Ni Eric, Knight Elizabeth, Gerstein Mark
Program in Computational Biology and Bioinformatics, Yale University, 100 College Street, New Haven, 06511, CT, USA.
Yale School of Medicine, 333 Cedar Street, New Haven, 06510, CT, USA.
J Biomed Inform. 2025 May;165:104818. doi: 10.1016/j.jbi.2025.104818. Epub 2025 Mar 29.

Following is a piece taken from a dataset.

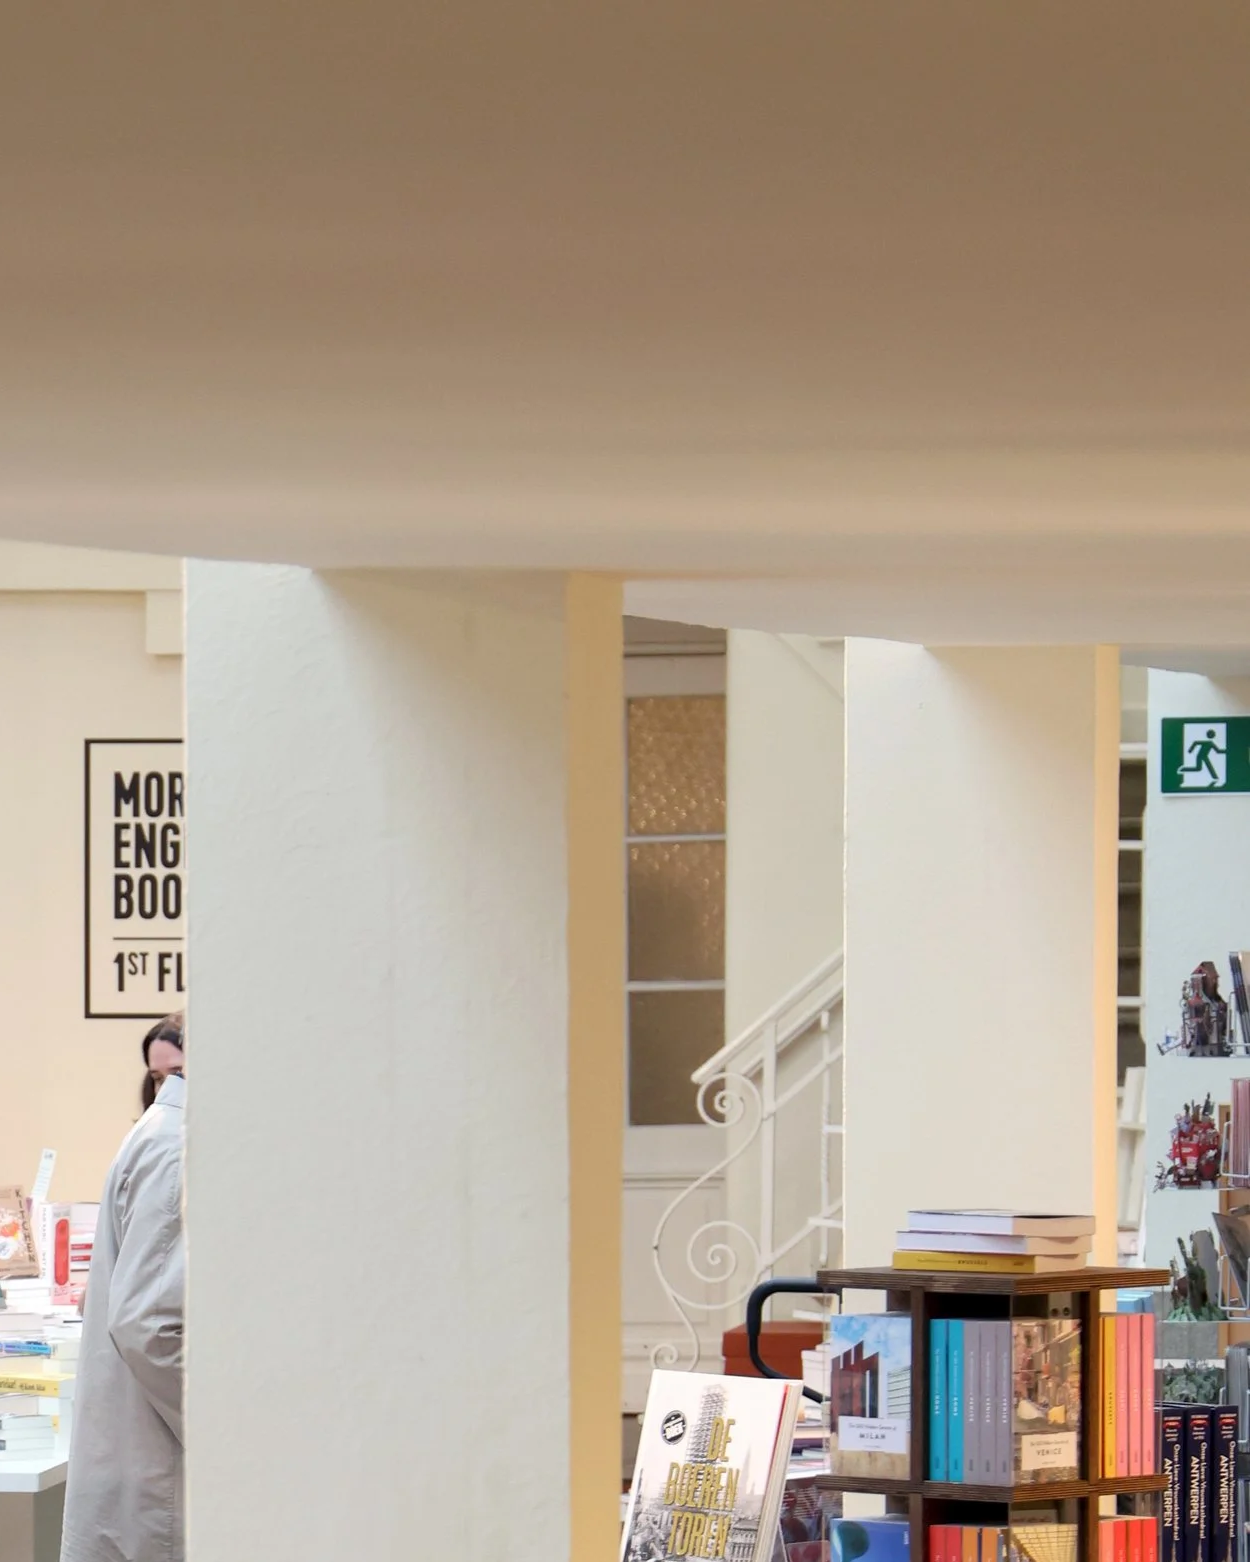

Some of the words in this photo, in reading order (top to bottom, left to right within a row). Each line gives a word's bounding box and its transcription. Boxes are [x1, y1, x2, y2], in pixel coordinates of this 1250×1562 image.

Blockchain technology is gaining traction in the biomedical sector due to its ability to improve trust and reduce the risk of fraud and errors in health data management. However, the large volume of biomedical datasets has slowed its adoption due to poor scalability. This challenge is especially relevant for applications that rely on blockchain's strong immutability by storing data directly on-chain. In this work, we demonstrate the potential of blockchain to create a secure and trustless environment for managing large on-chain records. Specifically, we detail an efficient, index-based approach for storing data on the Ethereum blockchain. We show that insertion and retrieval speeds remain nearly constant relative to database size, scaling linearly with the amount of data processed. Additionally, we achieve substantial efficiency gains through low-level assembly optimizations on the Ethereum Virtual Machine, highlighting the limitations of the Solidity compiler. Finally, we illustrate this approach through a practical case study, by designing and implementing a smart contract for storing and querying training certificates on the Ethereum blockchain. Our solution achieves 2x faster data insertion, 500x faster retrieval, 60% lower gas costs, and 50% lower storage usage compared to baseline methods. It won first place for track 1 of the 2022 iDASH secure genome analysis competition. We also demonstrate that this solution readily adapts to other data types, enabling efficient on-chain storage and retrieval of text, RNA-seq, or biomedical image data.
区块链技术因其能够提高信任度并降低健康数据管理中的欺诈和错误风险,而在生物医学领域越来越受到关注。然而,由于可扩展性差,大量的生物医学数据集减缓了其应用。对于那些通过直接在链上存储数据来依赖区块链强大不可变性的应用来说,这一挑战尤为突出。在这项工作中,我们展示了区块链为管理大型链上记录创建安全且无需信任的环境的潜力。具体而言,我们详细介绍了一种基于索引的高效方法,用于在以太坊区块链上存储数据。我们表明,相对于数据库大小,插入和检索速度几乎保持恒定,随处理的数据量呈线性扩展。此外,我们通过以太坊虚拟机上的底层汇编优化实现了显著的效率提升,突出了Solidity编译器的局限性。最后,我们通过一个实际案例研究来说明这种方法,即设计并实现一个用于在以太坊区块链上存储和查询培训证书的智能合约。与基线方法相比,我们的解决方案实现了快2倍的数据插入速度、快500倍的检索速度、低60%的燃气成本以及低50%的存储使用量。它在2022年iDASH安全基因组分析竞赛的赛道1中获得了第一名。我们还证明了该解决方案能够轻松适应其他数据类型,实现对文本、RNA测序或生物医学图像数据的高效链上存储和检索。